The association has initiated a $3.5 million fundraising campaign to renovate the buildings and upgrade the roads. In February 2020, a letter was sent to 30 major Chinese benevolent societies, families and friends, but so far that has raised only $44,000, Young said.
A major part of the funding would be used to replace the Memorial Hall, now used for storage and trustee meetings, with a new wellness/community center. Young said CEO Jerry Correa of St. Francis Healthcare System of Hawaii has expressed interest in operating such a facility for seniors, which Correa confirmed.
Wong acknowledged graveyard maintenance is not really an exciting cause for drawing donations.
“People say they’re more interested in helping the living, not the dead,” he said. But, “Chinese people should feel pride in their own heritage, their culture, their ancestors.”
Wong said he’s received little response from fundraising appeals directed to the prominent Chinese societies that hold Ching Ming ceremonies at the cemetery. They have thousands of members, but their charitable functions have diminished, Wong said. He believes they should be fulfilling the moral duty of the strong to help the poor and weak, a hallmark of Confucianism.

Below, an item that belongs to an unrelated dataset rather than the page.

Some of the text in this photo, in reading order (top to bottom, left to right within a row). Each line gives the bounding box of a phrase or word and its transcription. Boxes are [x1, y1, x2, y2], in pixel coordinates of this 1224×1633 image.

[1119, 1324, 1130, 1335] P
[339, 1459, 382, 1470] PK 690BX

The Lin Yee Chung Association has always shown compassion by providing families, many of them indigent, with a well-kept place for their loved ones to be buried, he said.
“How can we let them down?” Wong asked. “It would be a great shame if our ancestors were buried in a horrible place.”
Auspicious locale
The association, whose name means “united in righteousness,” is the first Chinese benevolent society in Hawaii and has performed Ching Ming rites every year for 170 years.

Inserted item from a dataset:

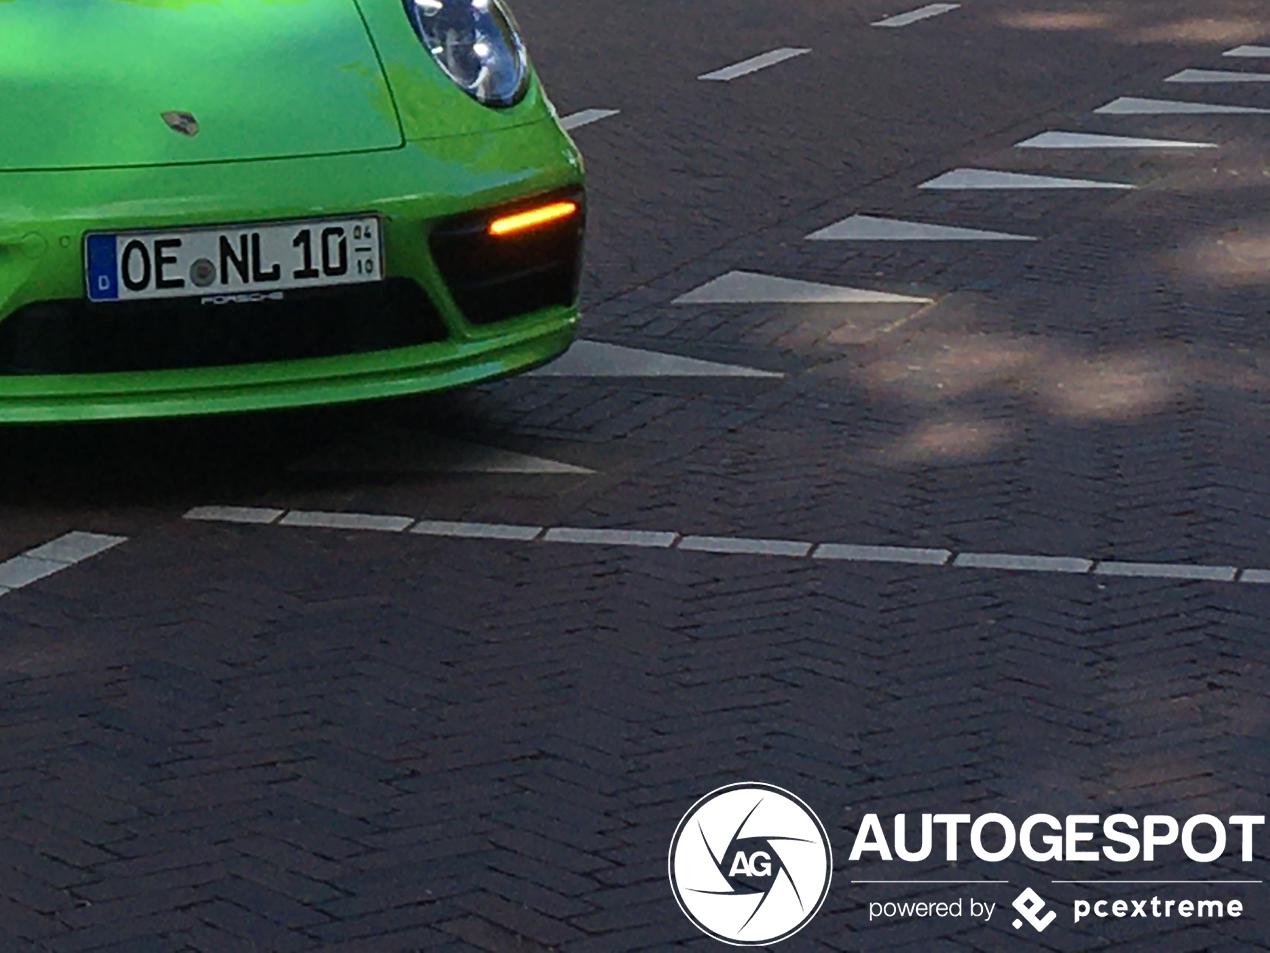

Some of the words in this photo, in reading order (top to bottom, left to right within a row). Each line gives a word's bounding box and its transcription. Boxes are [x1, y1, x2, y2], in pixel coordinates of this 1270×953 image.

What makes the cemetery a special, sacred place is its ideal location in terms of feng shui, a Chinese philosophy based on geomancy, Wong said.
The cemetery is located in a valley with mountains on three sides: St. Louis Heights to the east, symbolized in feng shui by a celestial green dragon; Tantalus in the west (white tiger); and the Koolau Mountains and Mt. Olympus to the north (dark warrior: turtle/snake). The cemetery faces the ocean to the south (red phoenix), he said. The animal symbols represent the different characteristics of each direction.
The most auspicious location is the “Dragon’s Pulse,” a concentration of chi, or vital energy, which surrounds the Grand Ancestor’s Tomb, where founder Lum Ching is buried. “It hits the feng shui ideal 100%, which is exceptionally rare,” Wong said.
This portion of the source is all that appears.